Christine Fréchette et deux député,es de la CAQ le 17 février. Photo: David Johnson

D’abord, il faut s’excuser de produire un autre article sur le troisième lien. Ce sont des mots qui sont pour toujours gravés dans les consciences de ceux qui suivent la politique, à Québec, et c’est normal d’être tanné. Mais comme on en parle encore, nous continuons à suivre le débat.

Madame Christine Fréchette, ministre de l’Immigration, de la Francisation et de l’Intégration et candidate à la chefferie du CAQ, a finalement pris position sur la question du troisième lien.
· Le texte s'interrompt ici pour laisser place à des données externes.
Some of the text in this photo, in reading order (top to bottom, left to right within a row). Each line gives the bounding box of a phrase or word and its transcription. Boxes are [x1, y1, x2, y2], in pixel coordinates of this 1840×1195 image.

À sa conférence de presse du dix-sept février dernier, au quai des Cageux, celle qui sera probablement la prochaine première ministre du Québec a présenté sa vision des travaux à faire pour améliorer la circulation automobile entre les deux rives : le rajout d’une voie de circulation à l’autoroute vingt de la rive sud, sur six kilomètres, un réaménagement de la tête des ponts et des travaux sur le tablier du pont de Québec pour permettre le passage des camions. S’ajoute à tout cela un troisième lien en forme de pont, à l’est, vers l’île d’Orléans.

En proposant cette infrastructure, madame Fréchette a formulé une vive critique du projet actuel de la CAQ, soit le lien autoroutier dans le corridor central. Selon les études, notamment celle du CDPQ Infra, le projet « n’offrirait qu’un gain de temps vraiment minime, soit un peu plus de deux minutes » au niveau des déplacements automobiles d’une rive à l’autre. « Ça créerait de nouvelles pressions sur le réseau routier à Lévis et à Québec, et les estimations parlent d’environ onze milliard $ pour un projet dont tant les dirigeants économiques et politiques que les citoyens ne veulent pas. »
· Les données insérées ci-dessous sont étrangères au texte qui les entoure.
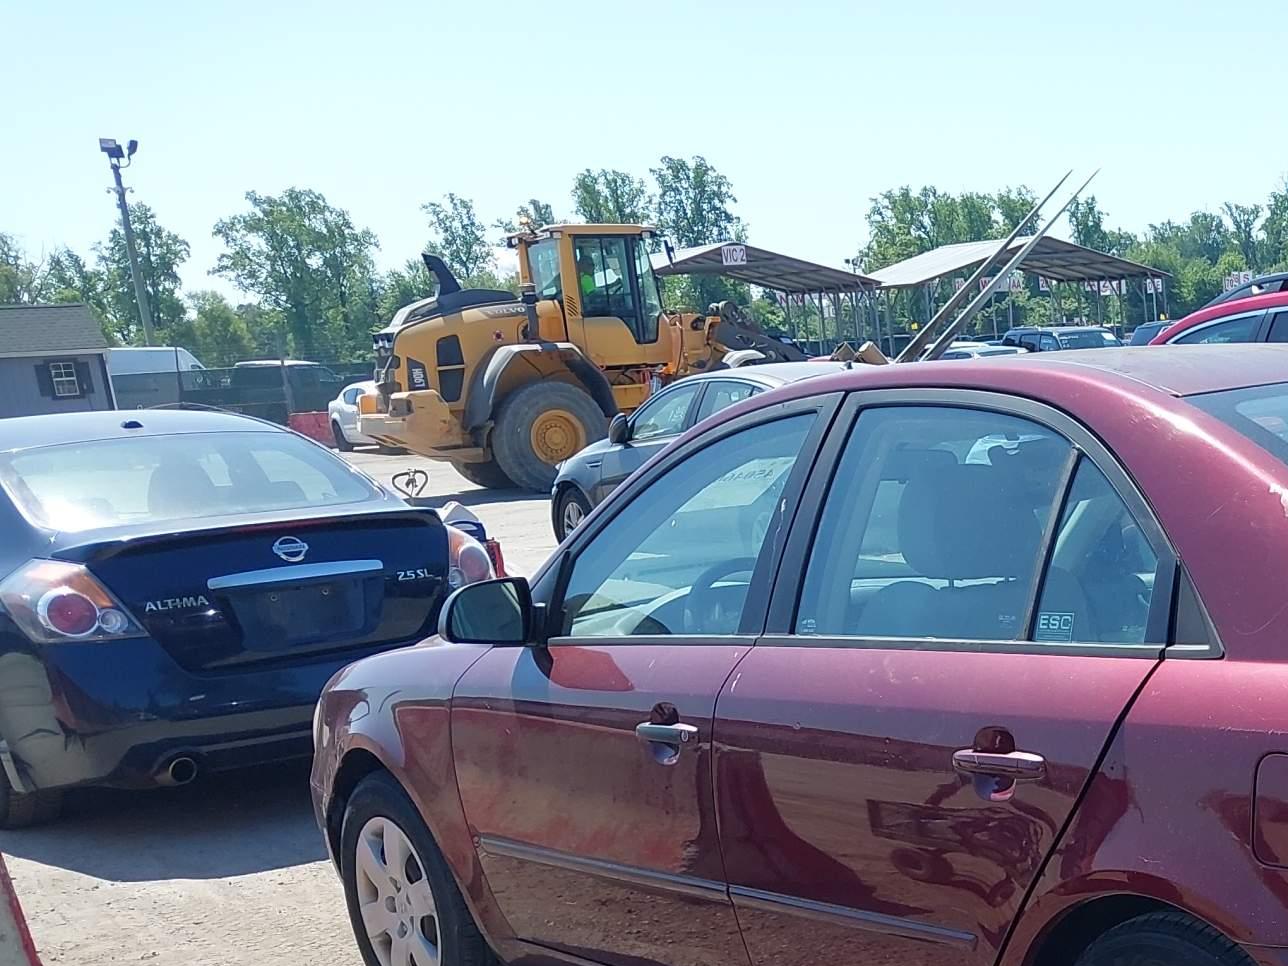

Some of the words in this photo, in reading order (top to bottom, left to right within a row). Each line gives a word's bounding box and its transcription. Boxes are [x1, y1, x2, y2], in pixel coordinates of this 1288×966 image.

[722, 248, 738, 264] VIC
[739, 248, 746, 262] 2
[411, 368, 425, 387] L90H
[416, 568, 434, 579] SL
[145, 595, 209, 612] ALTIMA
[1039, 615, 1072, 629] ESC
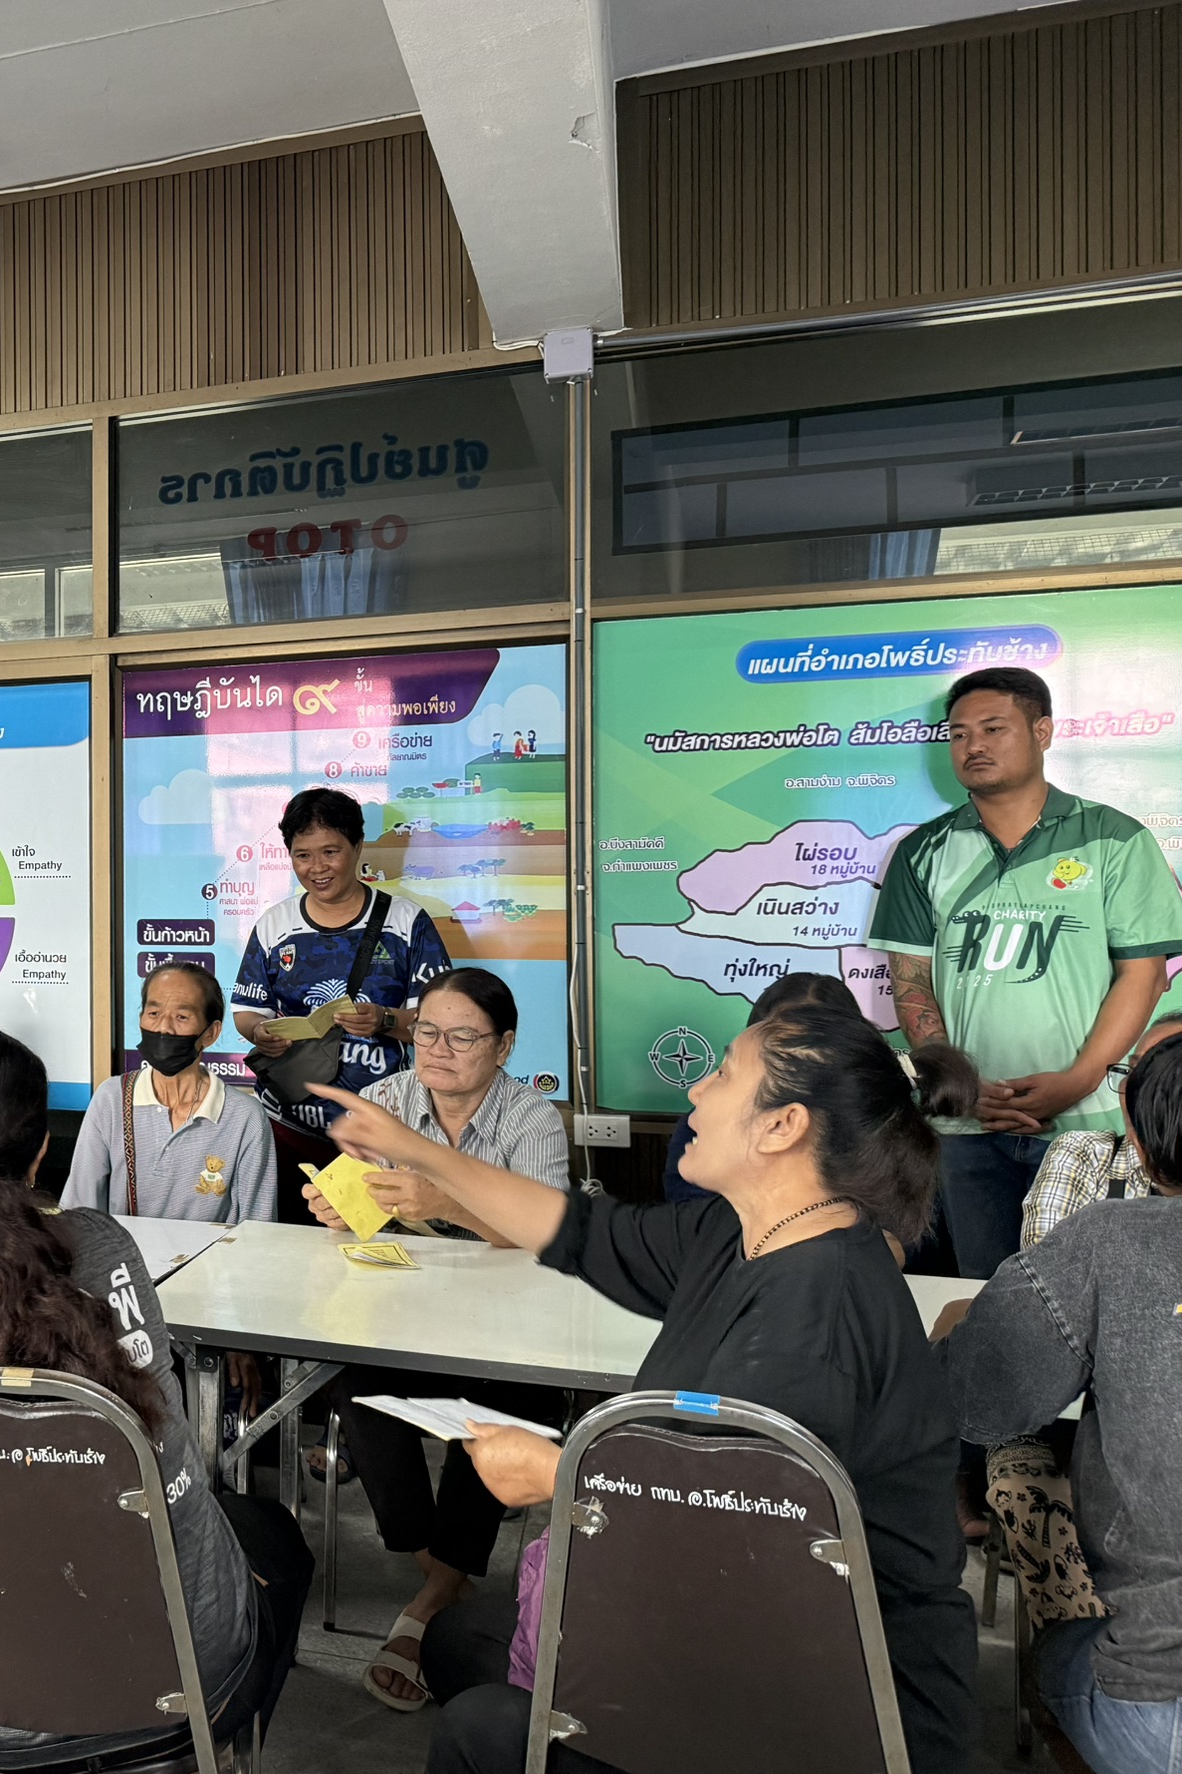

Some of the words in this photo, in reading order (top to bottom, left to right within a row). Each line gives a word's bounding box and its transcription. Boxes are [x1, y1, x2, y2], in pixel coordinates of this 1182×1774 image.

L’annonce de madame Fréchette contient aussi un nouvel élément, soit un « partenariat public-privé », qui inclurait de l’investissement privé et qui obligerait les utilisateurs à payer, un peu comme sur les autoroutes vingt-cinq et trente dans la région de Montréal. « Si je suis élue cheffe de la CAQ, je mandaterai le ministère des Transports pour lancer un appel de proposition pour un lien situé plus à l’est », tel que souhaité par la population de la grande région de Québec, propose la candidate. « On veut que le fédéral investisse aussi dans ce projet, mais globalement, ça devrait être au privé d’en assumer la direction. »

Madame Fréchette était accompagnée de madame Martine Biron, ministre de l’Enseignement supérieur, et de monsieur François Bonnardel, ancien ministre des Transports, qui appuient sa candidature à la chefferie du parti gouvernant. Chez les journalistes présents à la conférence de presse, on ressentait la même exaspération, la même incrédulité qu’ailleurs dans la population, face à ce projet qui refuse d’avancer, voire de disparaître. La première question qui lui a été posée par un journaliste: « C’est aujourd’hui mon quatrième lancement du projet de troisième lien…Alors dites-moi : qu’est-ce qui vous fait croire que cette fois-ci sera la bonne ? »

Enfin, peut-être y a-t-il une stratégie politique intéressante dans cette décision de madame Fréchette… Ainsi, vu qu’il aurait été très difficile pour elle de se prononcer contre le troisième lien durant sa campagne, il semble que la position la plus « sécuritaire » était de ne contredire la position du gouvernement que sur le long-terme, même si on s’aperçoit de façon très évidente que cette histoire de troisième lien n’est plus qu’un mirage. Cela dit, au lieu de fermement appuyer ce projet d’infrastructure, madame Fréchette a préféré se dédouaner en le glissant dans la cour du secteur privé. Tout un « pitch! »

De même, la ministre s’est déjà préparé une voie de sortie: « Si l’argent du privé n’est pas là, on ne sera pas capable de construire un pont dit-elle. Quant à la possibilité que ce pont traverse l’Île d’Orléans, madame Fréchette s’en remet là aussi au privé, disant attendre leurs propositions en cas de viabilité et de faisabilité de ce projet selon leurs analyses.